Aim of the exercise: An exact copy of the records is required, minus the pictures they hold.

Dataset content:
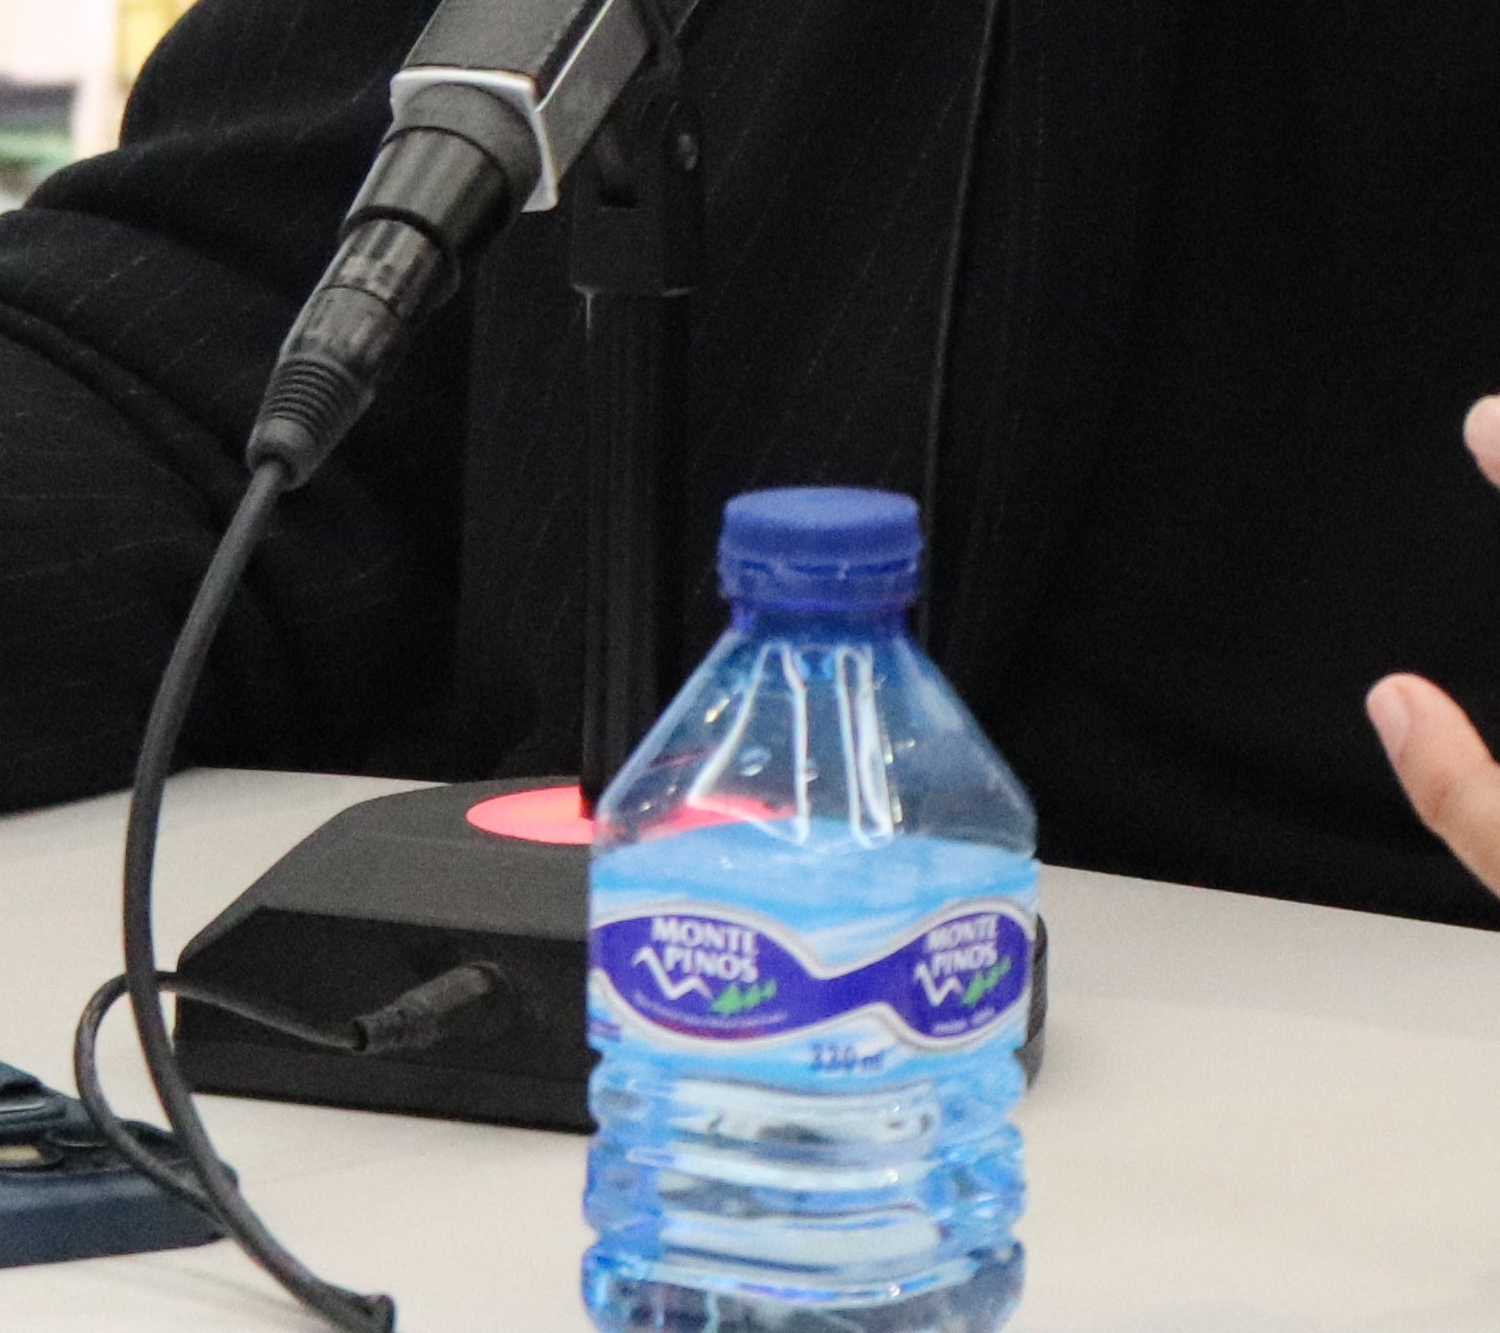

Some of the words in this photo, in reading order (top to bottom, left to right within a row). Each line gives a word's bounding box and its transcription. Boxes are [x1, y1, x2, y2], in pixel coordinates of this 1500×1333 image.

[652, 916, 759, 957] MONTE
[925, 914, 999, 953] MONTE
[663, 945, 759, 984] PINOS
[930, 941, 999, 979] PINOS

Response below:
Some of the words in this photo, in reading order (top to bottom, left to right within a row). Each line gives a word's bounding box and its transcription. Boxes are [x1, y1, x2, y2], in pixel coordinates of this 1500×1333 image.

[652, 916, 759, 957] MONTE
[925, 914, 999, 953] MONTE
[663, 945, 759, 984] PINOS
[930, 941, 999, 979] PINOS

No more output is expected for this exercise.